Ortberg, de 64 años, enfrenta una multitud de problemas, incluida la reactivación de la producción de aviones y la reconstrucción de la confianza con los reguladores, la industria y el público. Comenzará el 8 de agosto. El nombramiento elevó las acciones del fabricante de aviones un 1.4% en las primeras operaciones, incluso cuando registró una pérdida mayor de 1,400 millones de dólares en el segundo trimestre debido a las dificultades en su negocio de defensa y espacio. Boeing, uno de los dos fabricantes de aviones mundiales, se ha visto sumido en una crisis de reputación y seguridad después de una explosión del panel de la cabina en pleno vuelo el 5 de enero en un avión MAX 9 operado por Alaska Airlines que transportaba a 171 pasajeros. Eso llevó a una reorganización ejecutiva en la que el director ejecutivo Dave Calhoun decidió dimitir a fines de año y el presidente de la junta, Larry Kellner, dijo que no se presentaría a la reelección.

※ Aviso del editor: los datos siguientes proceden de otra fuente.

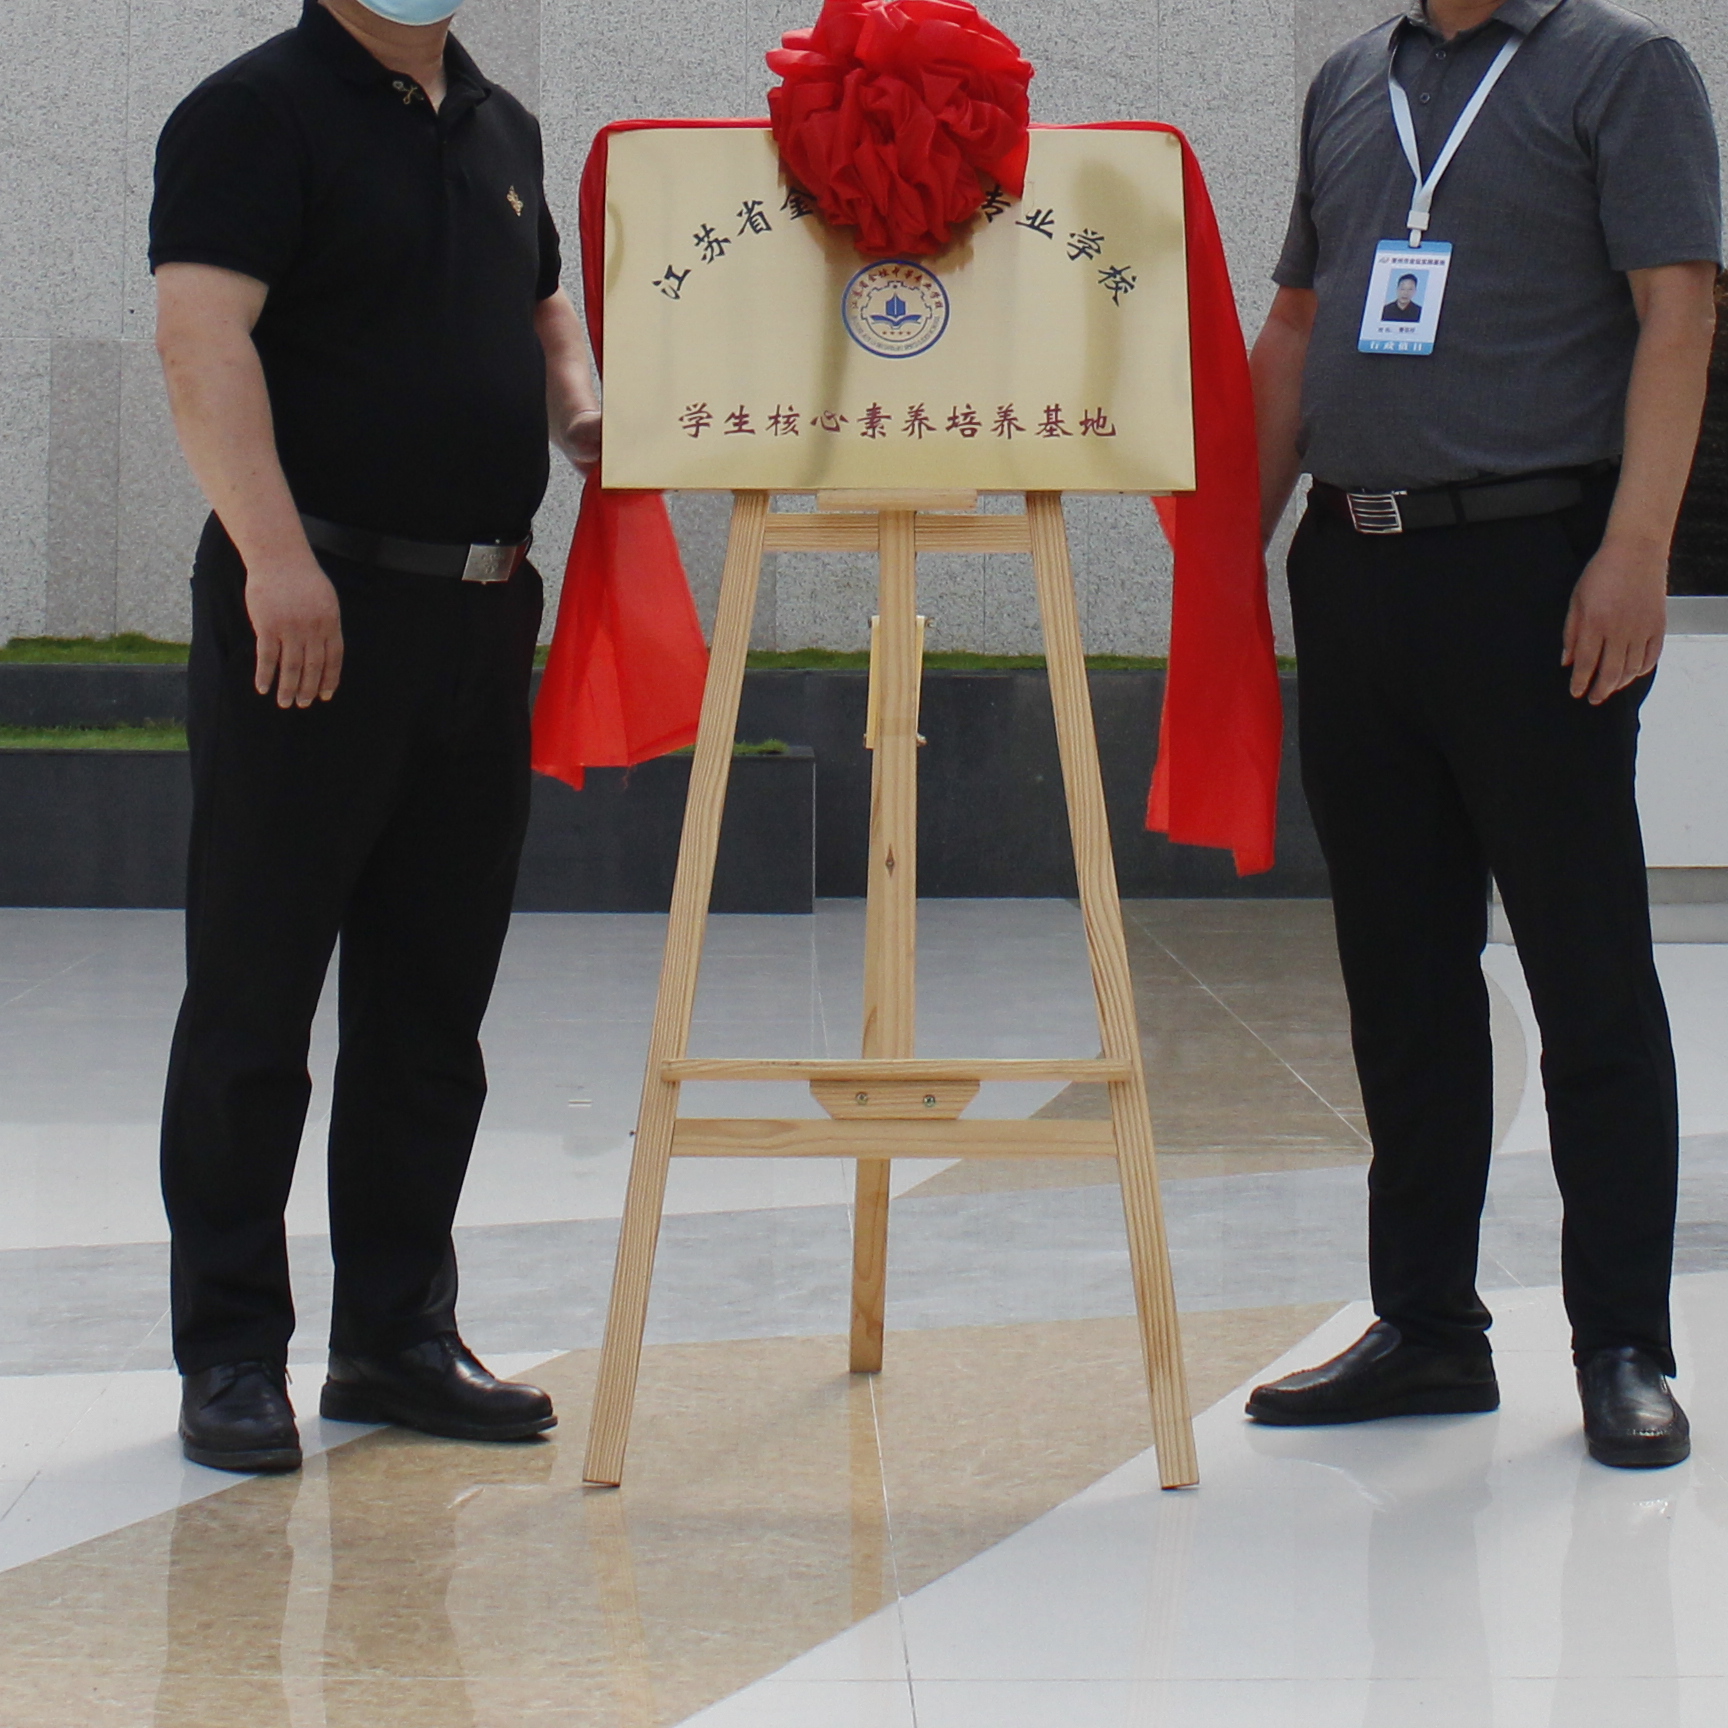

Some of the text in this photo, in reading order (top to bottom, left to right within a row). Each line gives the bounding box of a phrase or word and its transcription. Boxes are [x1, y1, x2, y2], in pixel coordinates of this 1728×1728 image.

Calhoun será asesor especial del consejo hasta marzo de 2025, afirmó este miércoles el presidente de Boeing, Steve Mollenkopf.
Poco después del accidente de enero, la Administración Federal de Aviación de Estados Unidos (FAA, por sus siglas en inglés) prohibió a Boeing aumentar la producción de su familia de aviones 737 MAX, que es una vaca lechera, por encima de 38 al mes, sin estimar cuánto durará la limitación.
Sin embargo, Boeing ha estado fabricando aviones por debajo de ese nivel durante algunas semanas para cubrir las brechas de calidad.